* [TASK REQUIREMENTS] Your reply should reproduce all the data below exactly while excluding the pictures.

Saved data entries:
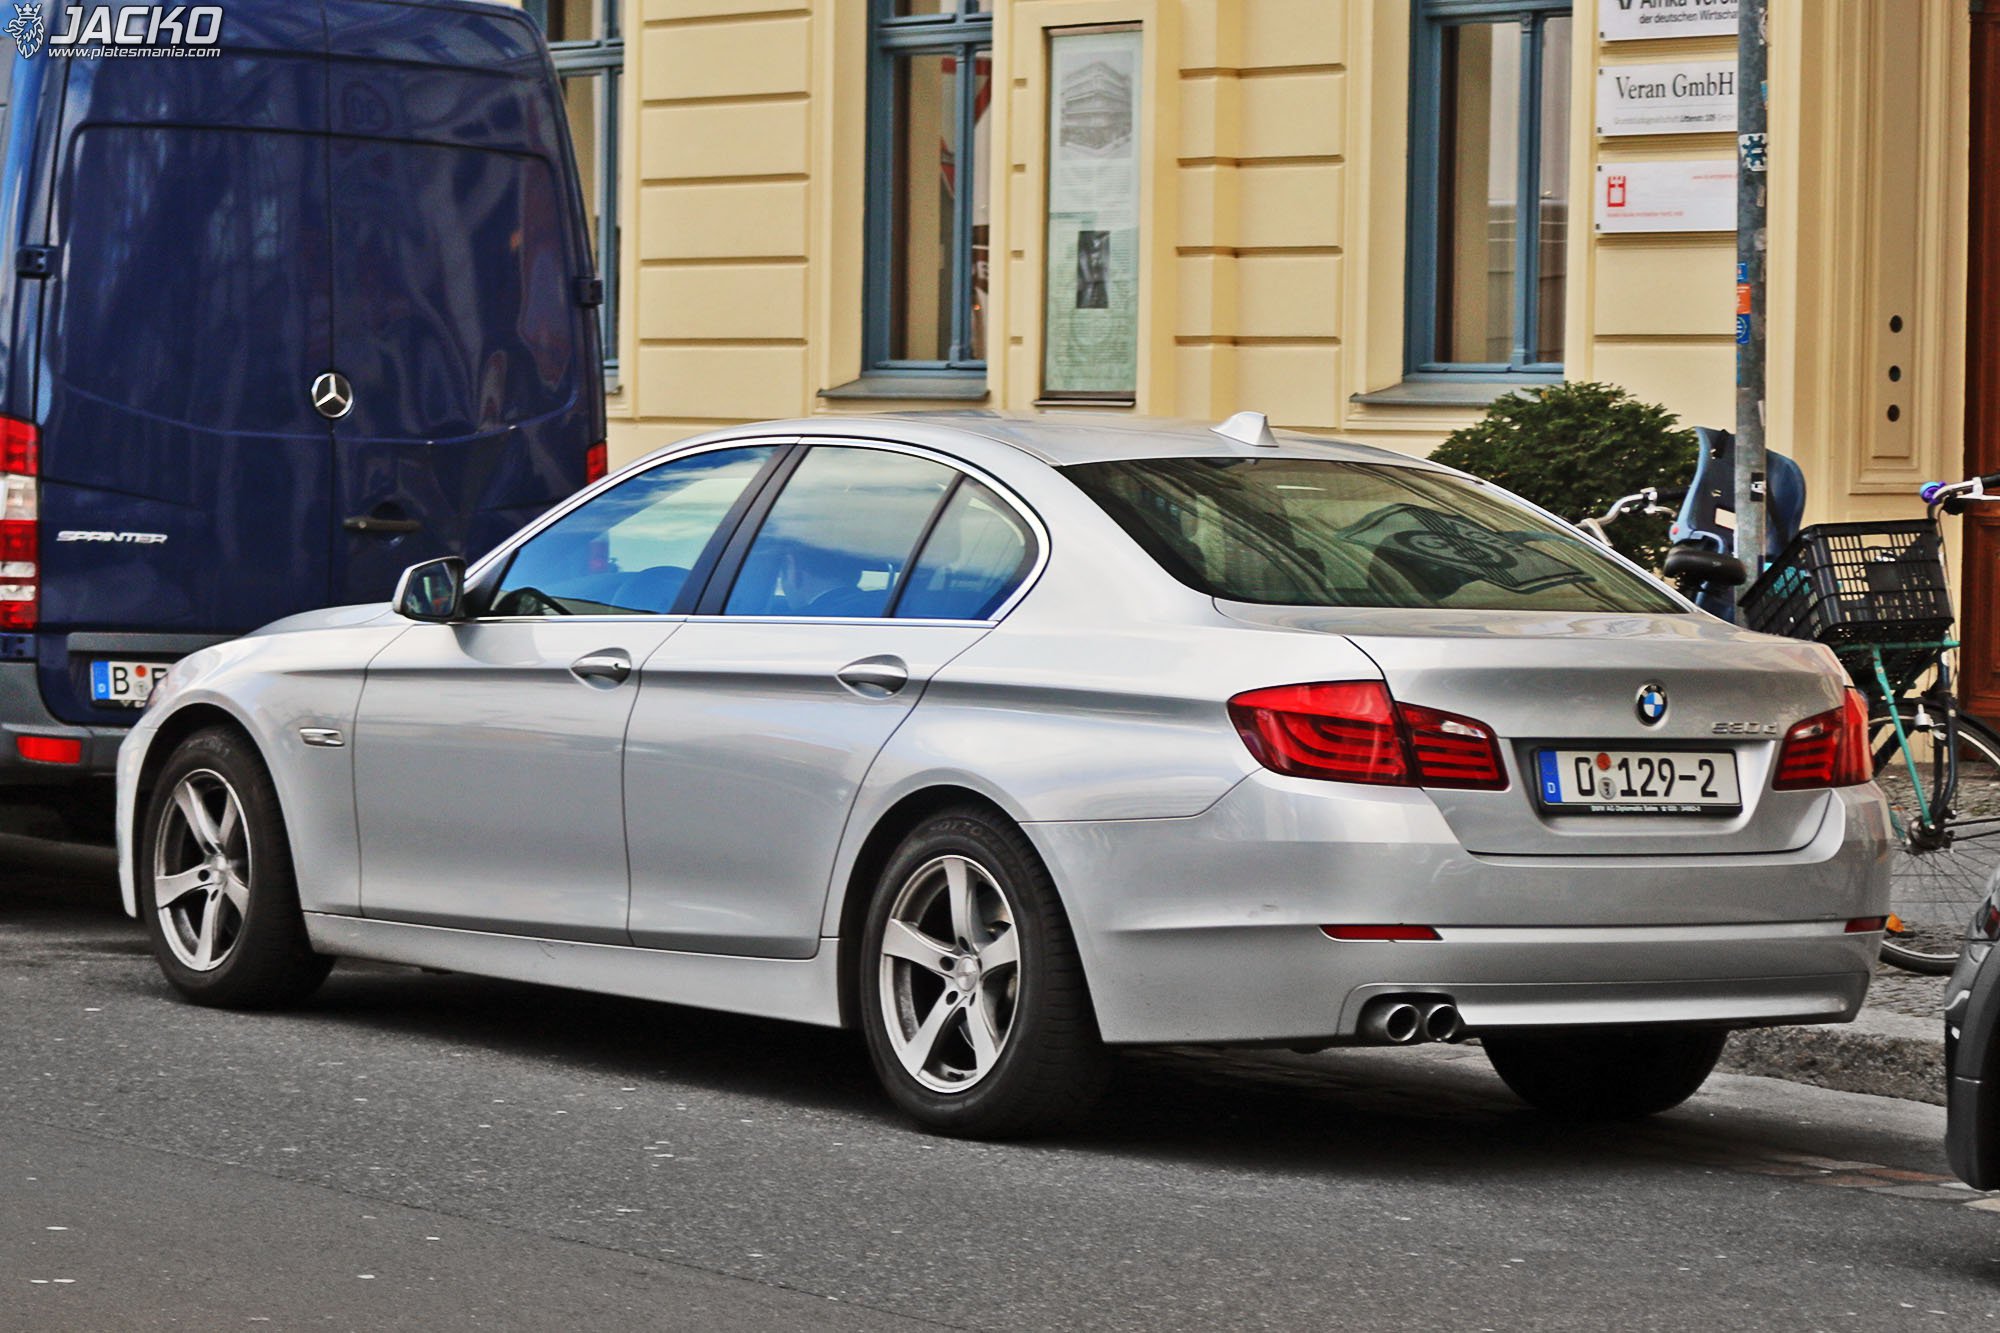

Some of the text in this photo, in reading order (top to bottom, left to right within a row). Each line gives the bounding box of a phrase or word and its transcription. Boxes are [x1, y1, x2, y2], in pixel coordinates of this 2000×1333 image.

[1654, 12, 1697, 23] deutschen
[1616, 72, 1734, 99] Veran GmbH
[56, 530, 168, 544] SPRINTER
[113, 666, 130, 694] B
[1617, 757, 1718, 797] 129-2

* [OUTPUT OF THE TASK]
Some of the text in this photo, in reading order (top to bottom, left to right within a row). Each line gives the bounding box of a phrase or word and its transcription. Boxes are [x1, y1, x2, y2], in pixel coordinates of this 2000×1333 image.

[1654, 12, 1697, 23] deutschen
[1616, 72, 1734, 99] Veran GmbH
[56, 530, 168, 544] SPRINTER
[113, 666, 130, 694] B
[1617, 757, 1718, 797] 129-2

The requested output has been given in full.